_Record extracts_.
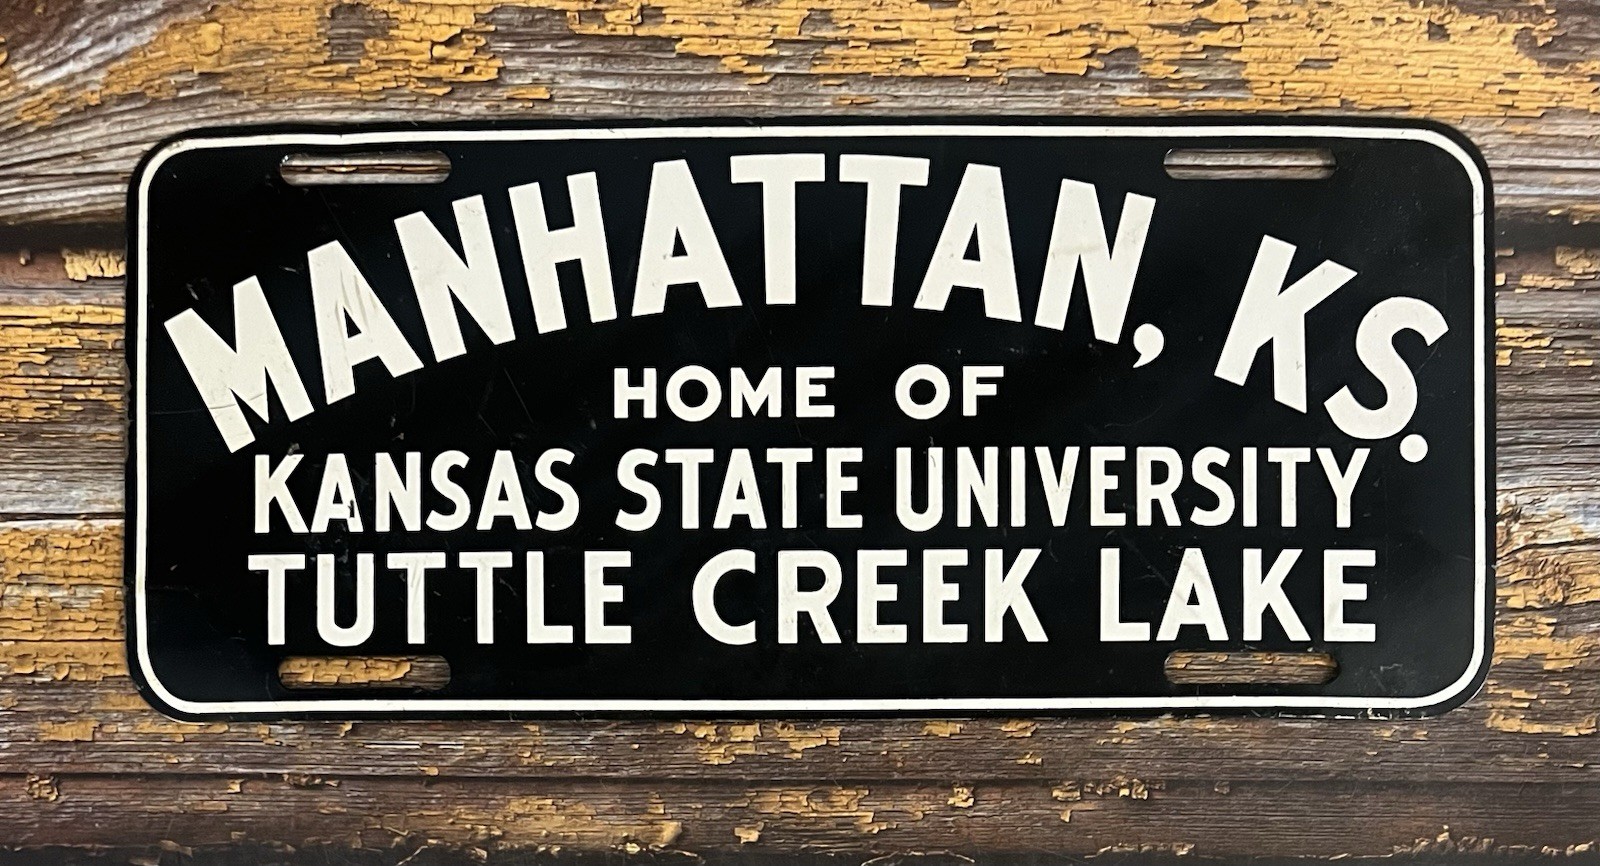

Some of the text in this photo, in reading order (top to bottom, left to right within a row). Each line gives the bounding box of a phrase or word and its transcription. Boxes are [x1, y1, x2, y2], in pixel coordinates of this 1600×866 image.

[163, 153, 1449, 463] MANHATTAN, KS.
[613, 363, 1005, 421] HOME OF
[254, 445, 1371, 534] KANSAS STATE UNIVERSITY
[248, 548, 1377, 646] TUTTLE CREEK LAKE
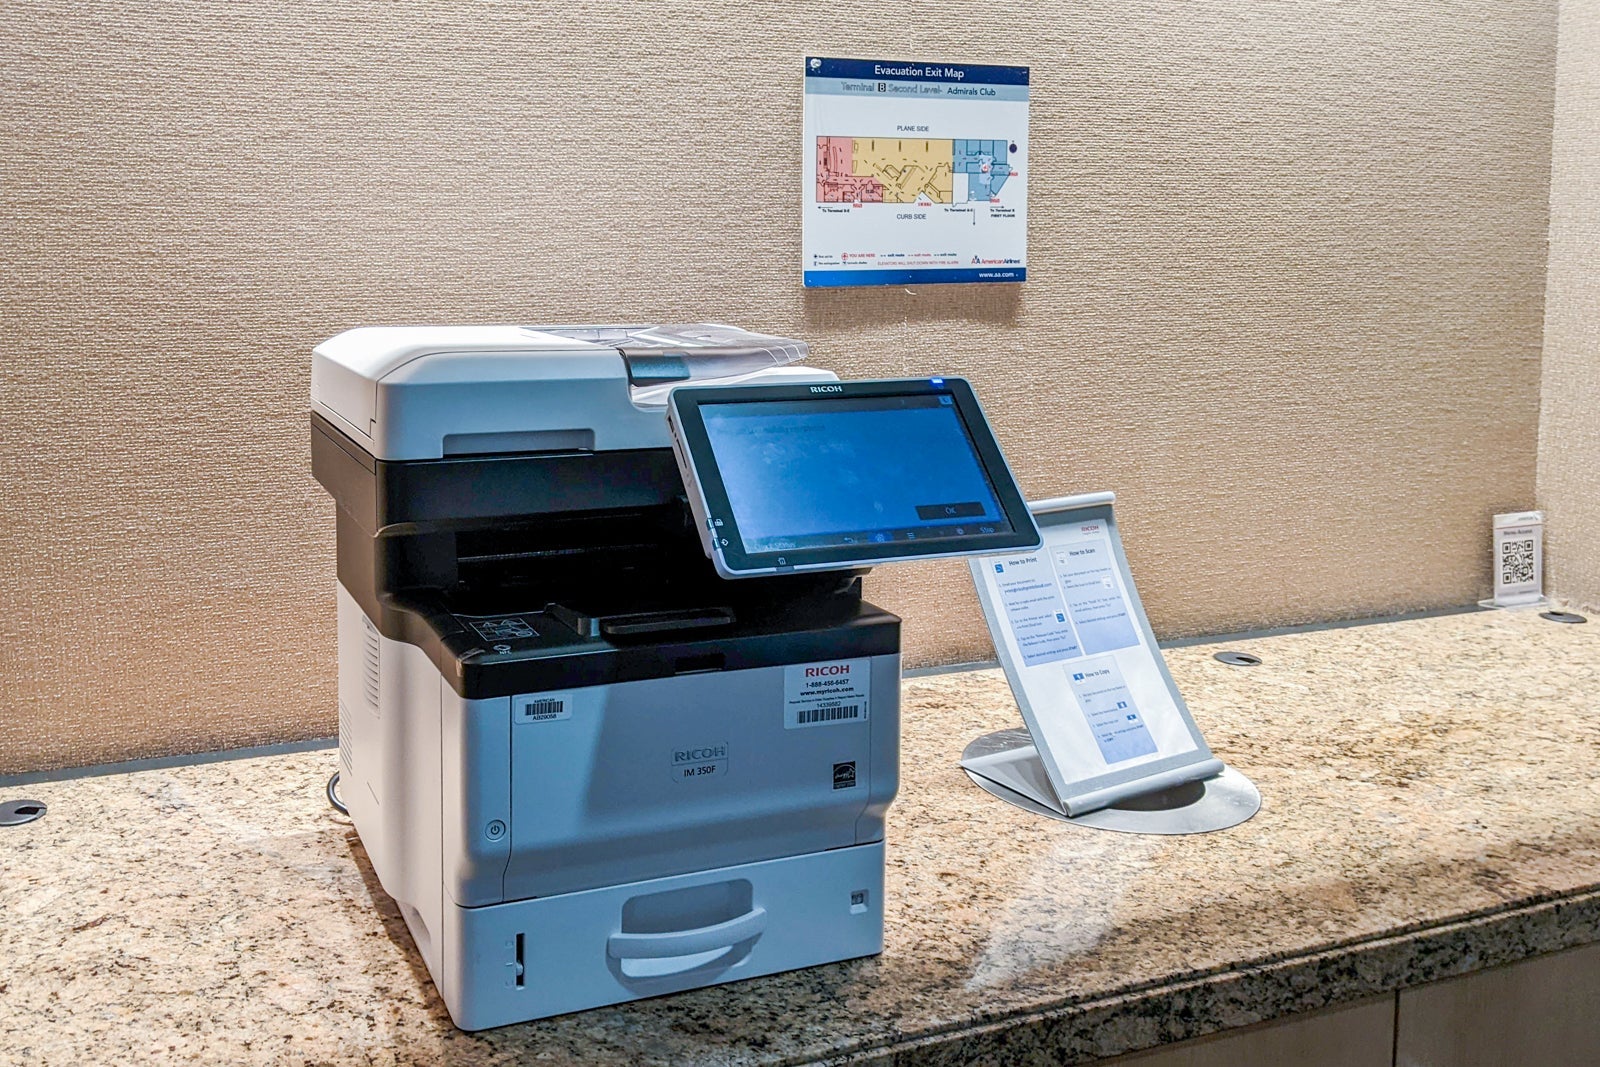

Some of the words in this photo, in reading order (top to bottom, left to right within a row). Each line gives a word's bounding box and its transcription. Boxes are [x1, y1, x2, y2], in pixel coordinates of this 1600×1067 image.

_What is required_.
All records should be output exactly, with the pictures left out.

_Written solution_.
Some of the text in this photo, in reading order (top to bottom, left to right within a row). Each line gives the bounding box of a phrase or word and its transcription. Boxes are [x1, y1, x2, y2], in pixel coordinates of this 1600×866 image.

[163, 153, 1449, 463] MANHATTAN, KS.
[613, 363, 1005, 421] HOME OF
[254, 445, 1371, 534] KANSAS STATE UNIVERSITY
[248, 548, 1377, 646] TUTTLE CREEK LAKE

Some of the words in this photo, in reading order (top to bottom, left to right within a row). Each line gives a word's bounding box and its transcription. Boxes are [x1, y1, x2, y2], in pixel coordinates of this 1600×1067 image.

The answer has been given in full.